Deputy Oliver Flanagan referred to health education. It would take me too long to speak about that in detail. We are extending education this year both on radio and television and through leaflets. A great deal is being done in relation to smoking, to dental care and so forth. We do issue leaflets for mothers-to-be on preparing for their baby and on the diet they should have, and so forth. There is a series of leaflets produced and Deputy Flanagan need have no doubt that mothers are given the chance to find out what kind of diet they should have when they are expecting a baby.

There were a number of matters relating to hospitals in general. Deputy Dr. Browne queried the need for a new 300-bed hospital in Tralee and suggested that the area could be catered for by Limerick regional hospital. The proposed hospital in Tralee will replace the existing county hospital which is not up to standard and the medical, surgical and maternity services required for County Kerry, which has a scattered population of about 113,000, involve the construction of this hospital and it is not outside the ambit of the kind of considerations that were mentioned in the FitzGerald Report and which long before that were taken into account in deciding where a new hospital should be.

Some Deputies referred to the whole position of voluntary hospitals. I hope to secure the co-operation of voluntary hospitals to engage in further integration with local authority hospitals, to engage in management and work study and I hope that they will also consider any request made of them, if it was felt by a regional health board or by a regional hospital board that a particular voluntary hospital might participate in looking after geriatric cases. All that will be part of the work of the new regional health boards and new regional hospital boards.

There is a greater proportion of people staying in St. Kevin's Hospital for a longer period because on the whole the ages of patients in St. Kevin's tend to be older and the younger and stronger patients in Dublin are treated in the acute voluntary hospitals. That is the answer to that query.

A number of Deputies referred to out-patient facilities and to the long delays experienced by patients waiting to be examined. We are going into this. I quite agree with everything the Deputies said. There will have to be an examination of this matter.

The annual output of radiographers is 12. I am not aware of any serious scarcity of such staff at present. The existing training school will increase its annual output by 50 per cent, from 12 to 18, when its activities are transferred from St. Vincent's Hospital, St. Stephen's Green, to the new St. Vincent's Hospital at Elm Park. That is the answer to the Deputy who suggested that there was a great scarcity of radiographers.

Some Deputies referred to a shortage of nurses. An Bord Altranais are going to conduct a survey, which should highlight the reasons for shortages, in the form of a questionnaire addressed to nurses which should give us some useful information about the whole nursing position.

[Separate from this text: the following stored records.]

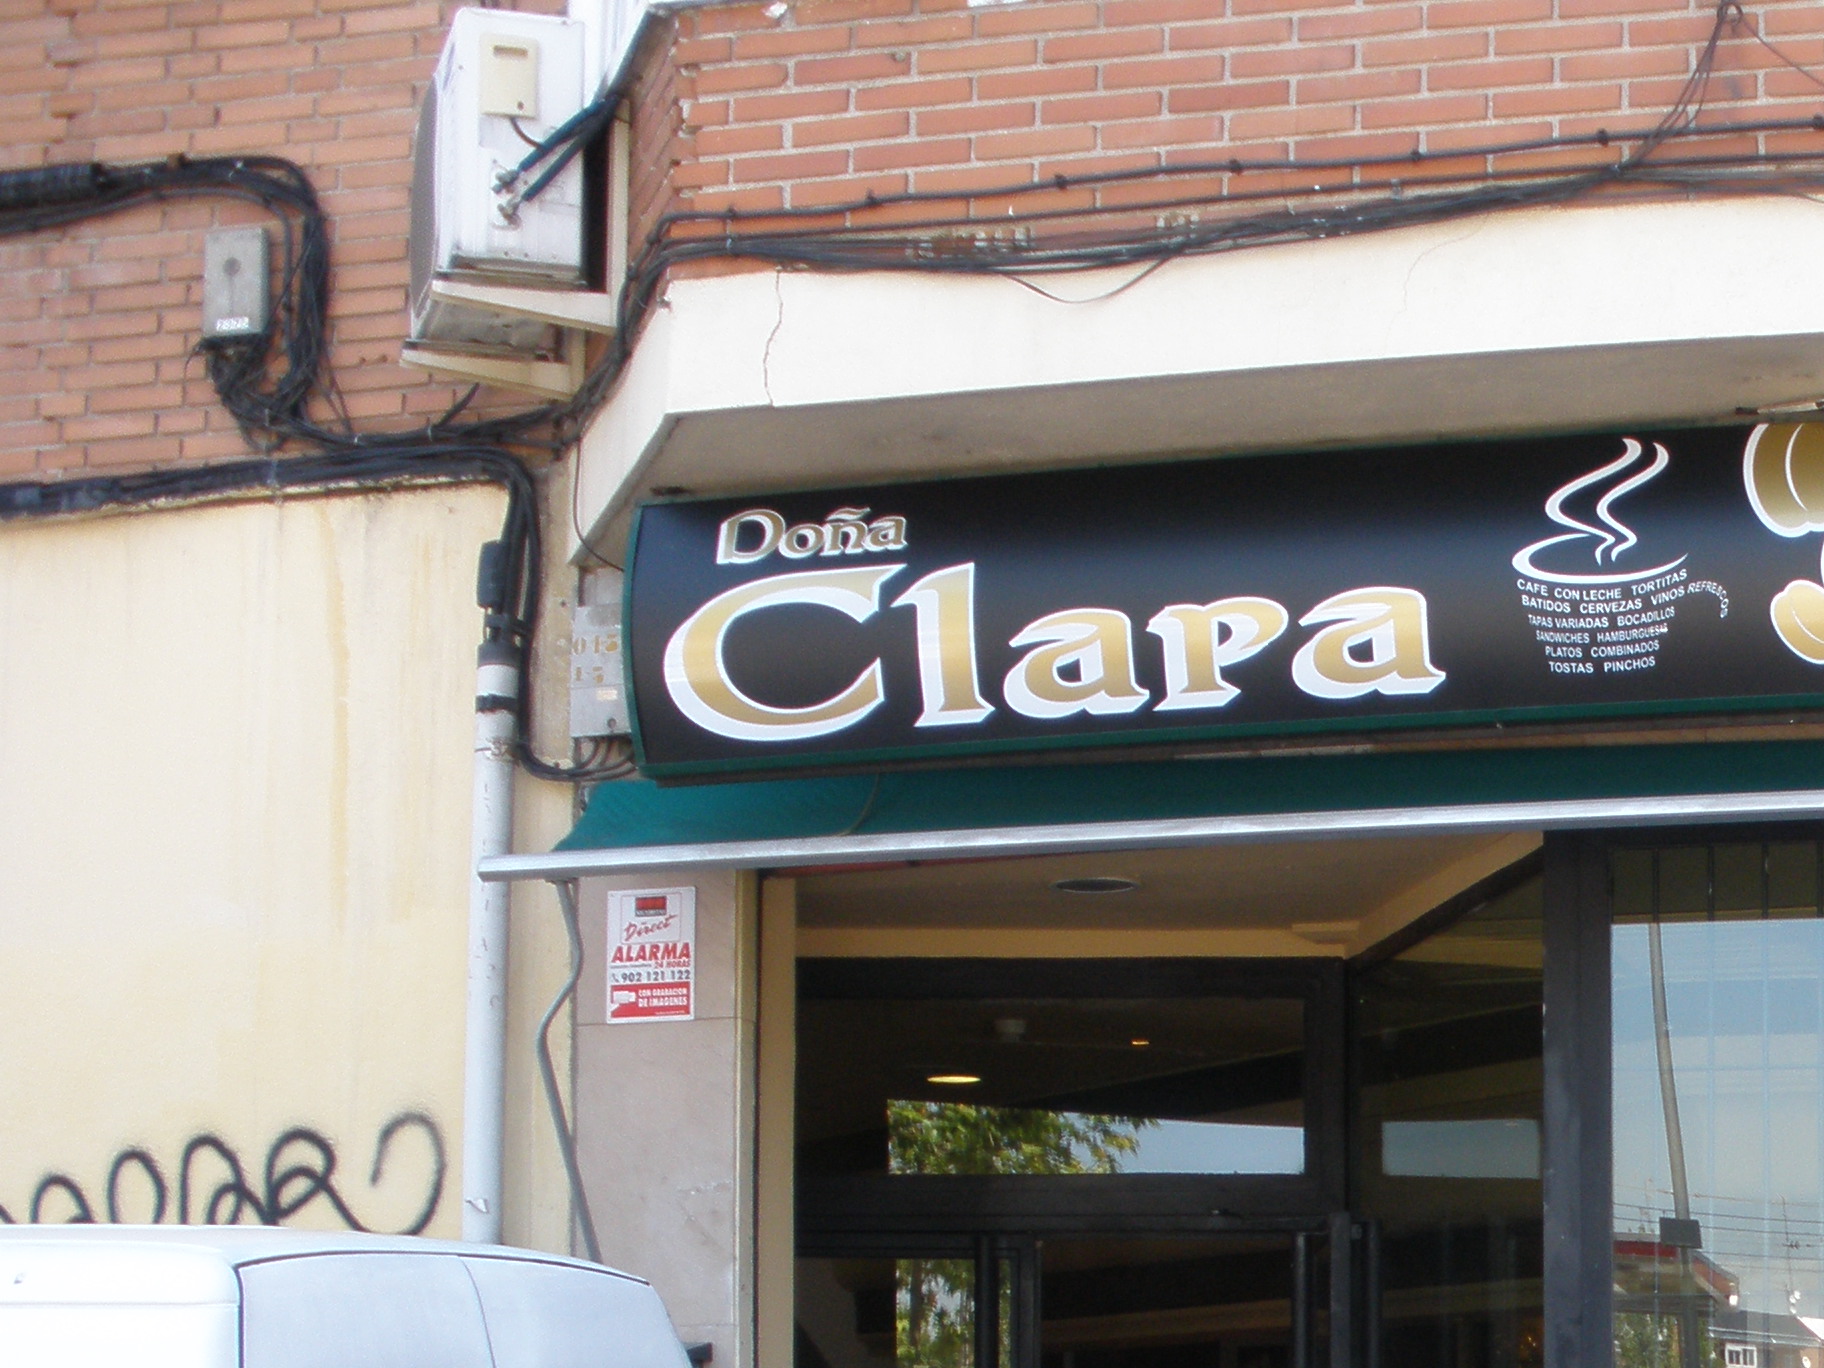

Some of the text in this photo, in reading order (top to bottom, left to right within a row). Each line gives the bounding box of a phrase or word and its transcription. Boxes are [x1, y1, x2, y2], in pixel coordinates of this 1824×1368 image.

[714, 507, 908, 566] Doña
[1517, 568, 1688, 601] CAFE CON LECHE TORTITAS
[1521, 580, 1730, 619] BATIDOS CERVEZAS VINOS REFRESCOS
[1528, 606, 1676, 629] TAPAS VARIADAS BOCADILLOS
[1535, 622, 1669, 644] SANDWICHES HAMBURGUESAS
[1545, 639, 1660, 659] PLATOS COMBINADOS
[1549, 656, 1656, 674] TOSTAS PINCHOS
[624, 913, 679, 942] Direct
[611, 942, 691, 963] ALARMA
[621, 969, 691, 983] 902 121 122

Deputy Tully referred to meals in hospitals. I would encourage hospitals to give a cup of tea and some biscuits to patients who have to be kept waiting a long time and who have come from long distances. I understand it is quite possible for them to do this under the existing Health Acts.

I understand in regard to Deputy Dr. Browne's question about the financial advantages for voluntary hospitals participating in the combined purchasing scheme with the Department of Local Government for their materials that voluntary hospitals have been encouraged to make use of the facilities offered under combined purchasing arrangements and they use the combined purchasing scheme, particularly in relation to furniture, equipment and medical supplies. Perhaps they should use it more. Nevertheless, I do understand that they are making use of this very excellent system.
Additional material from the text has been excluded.